Stored data entries
------------

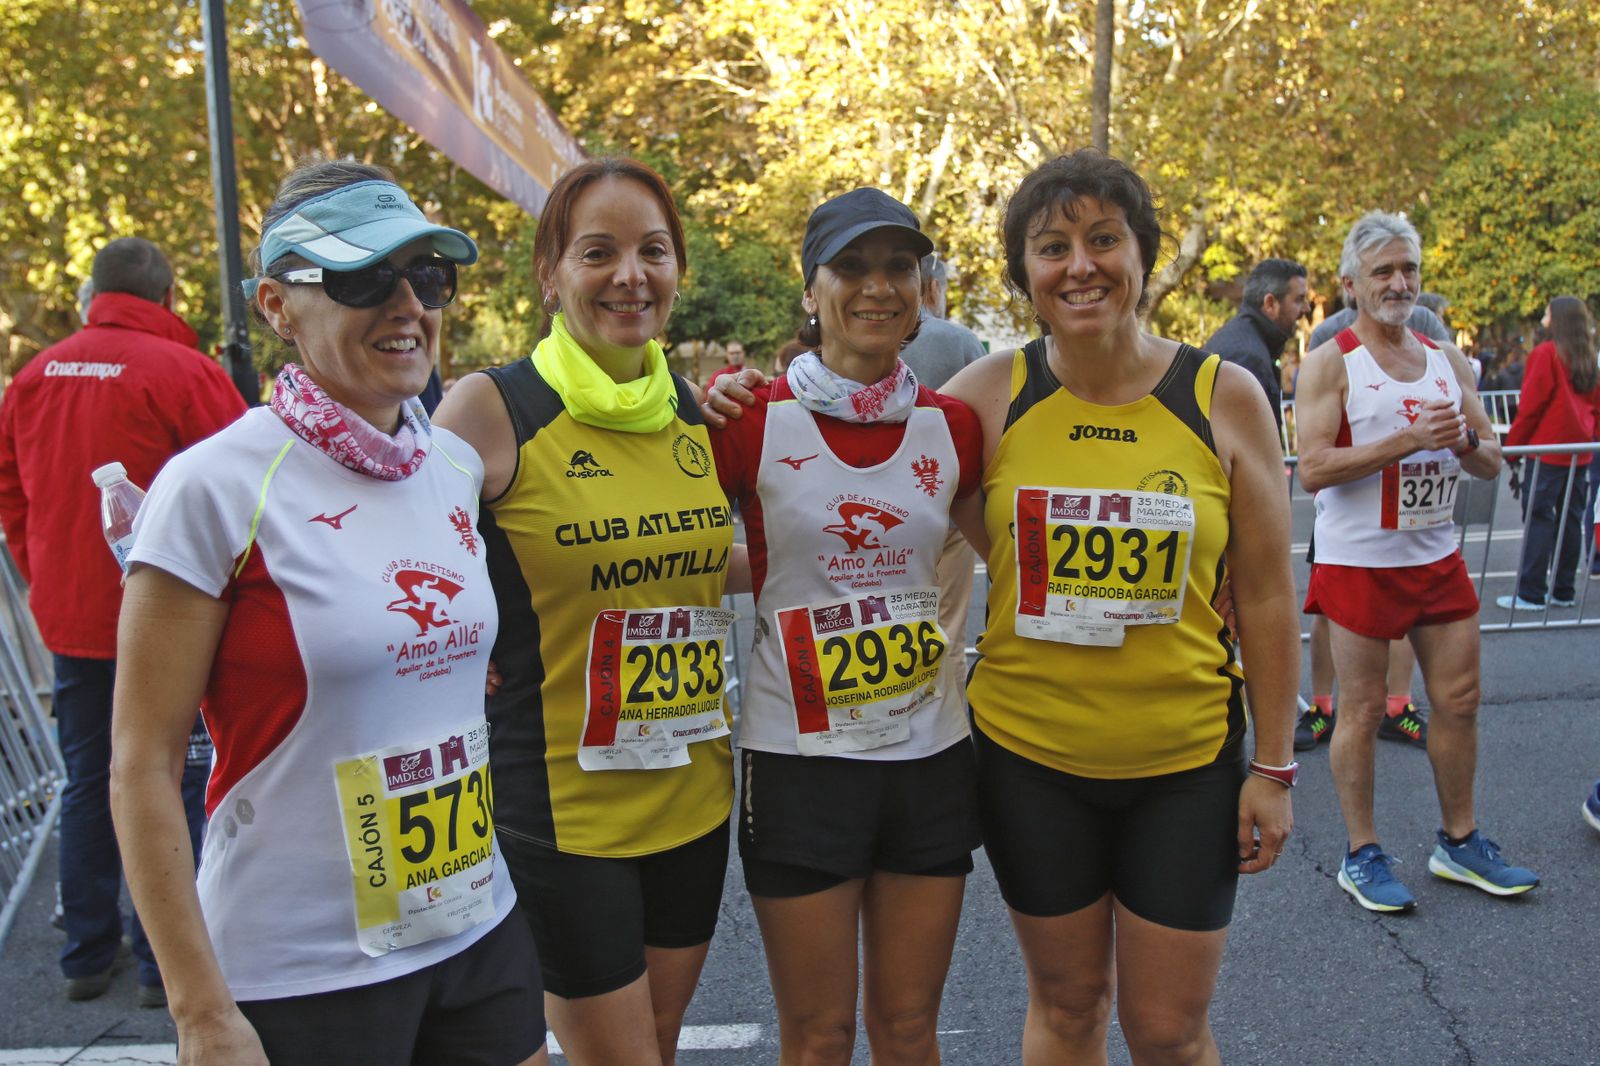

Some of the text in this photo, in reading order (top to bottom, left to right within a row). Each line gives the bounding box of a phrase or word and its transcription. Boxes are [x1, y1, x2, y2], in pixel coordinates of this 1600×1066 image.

[44, 360, 122, 380] Cruzcampo
[1138, 498, 1151, 506] 35
[1402, 475, 1457, 508] 3217
[826, 493, 910, 518] CLUB DE ATLETISMO
[1051, 507, 1090, 518] IMDECO
[555, 517, 630, 546] CLUB
[1025, 517, 1042, 585] CAJÓN 4
[1052, 525, 1179, 584] 2931
[382, 559, 465, 584] CLUB DE ATLETISMO
[591, 546, 729, 591] MONTILLA
[829, 574, 854, 583] Aguilar
[867, 570, 874, 578] la
[876, 568, 907, 576] Frontera
[890, 592, 937, 603] 35 MEDIA
[1048, 582, 1177, 600] RAFI CORDOBA GARCIA
[693, 610, 735, 619] 35 MEDIA
[816, 617, 853, 632] IMDECO
[1104, 611, 1144, 621] Cruzcampo
[627, 627, 662, 637] IMDECO
[607, 639, 616, 648] 4
[395, 650, 477, 677] Aguilar de la Frontera
[822, 621, 945, 692] 2936
[626, 640, 723, 703] 2933
[794, 634, 816, 704] CAJÓN 4
[825, 690, 872, 706] JOSEFINA
[619, 699, 720, 721] ANA HERRADOR LUQUE
[468, 730, 478, 741] 35
[672, 727, 702, 738] Cruzcampo
[388, 766, 434, 787] IMDECO
[357, 794, 386, 888] CAJÓN 5
[406, 866, 439, 889] ANA
[442, 847, 487, 877] GARCIA
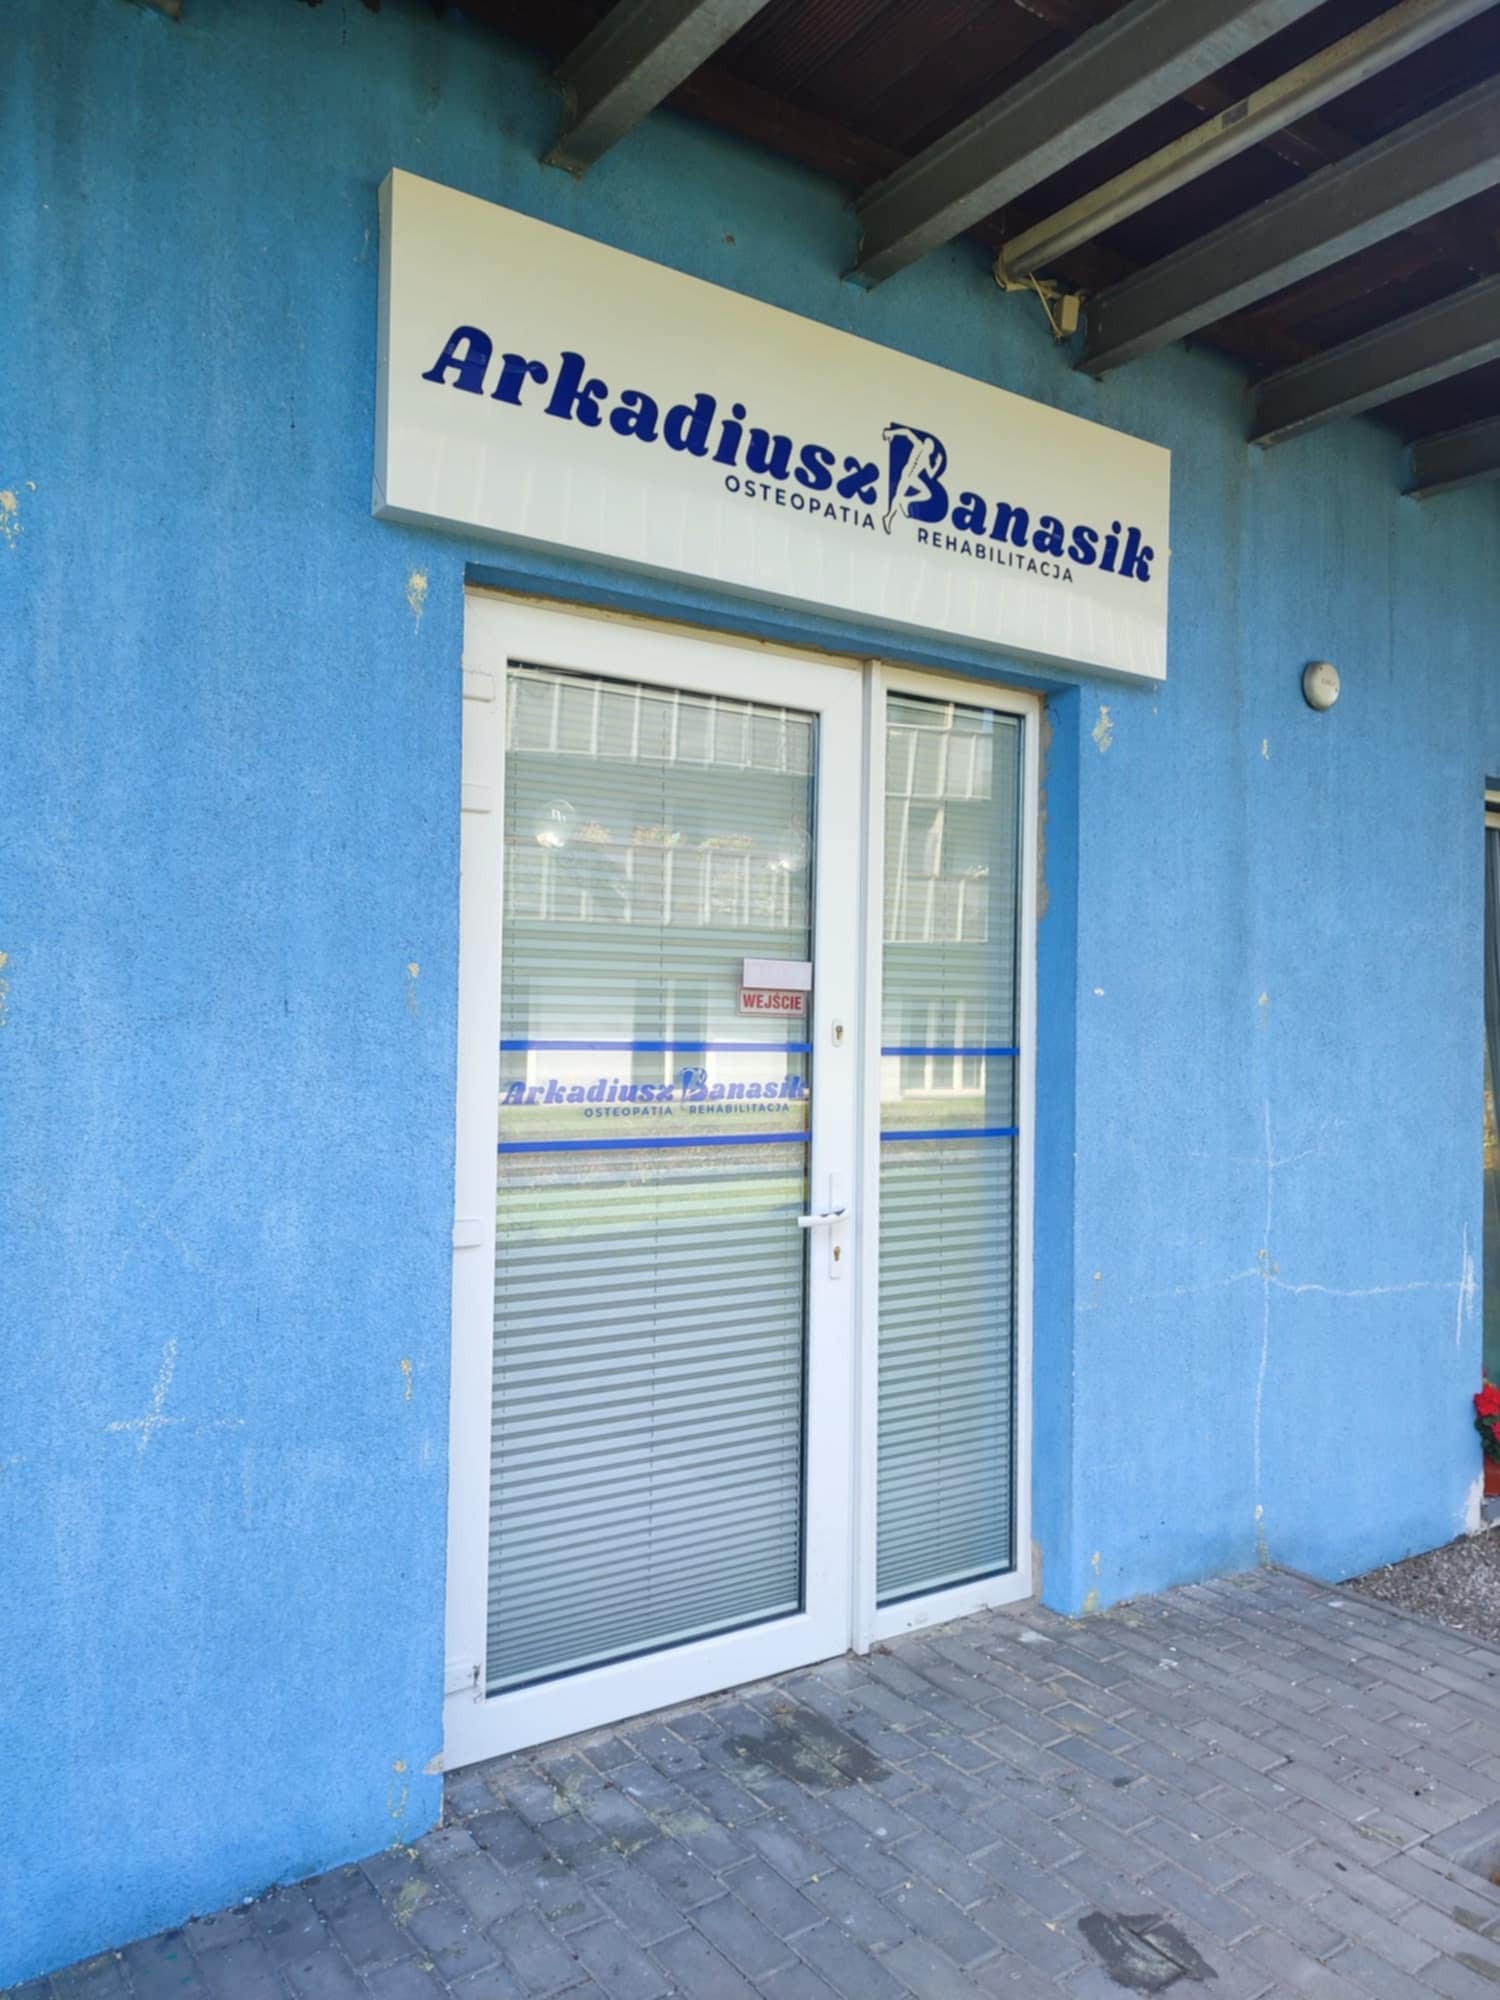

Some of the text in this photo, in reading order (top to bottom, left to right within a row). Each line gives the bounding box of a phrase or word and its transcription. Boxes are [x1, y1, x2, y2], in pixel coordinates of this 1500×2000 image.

[421, 324, 1155, 583] Arkadiusz Banasik
[724, 475, 1075, 583] OSTEOPATIA REHABILITACJA
[742, 992, 802, 1010] WEJŚCIE
[501, 1079, 674, 1105] Arkadiusz
[583, 1102, 790, 1118] OSTEOPATIA REHABILITACJA

------------

Output exactly what runs from the line with "this 1500×2000 image." to the final line above, both lines included, and nothing else.

Some of the text in this photo, in reading order (top to bottom, left to right within a row). Each line gives the bounding box of a phrase or word and its transcription. Boxes are [x1, y1, x2, y2], in pixel coordinates of this 1500×2000 image.

[421, 324, 1155, 583] Arkadiusz Banasik
[724, 475, 1075, 583] OSTEOPATIA REHABILITACJA
[742, 992, 802, 1010] WEJŚCIE
[501, 1079, 674, 1105] Arkadiusz
[583, 1102, 790, 1118] OSTEOPATIA REHABILITACJA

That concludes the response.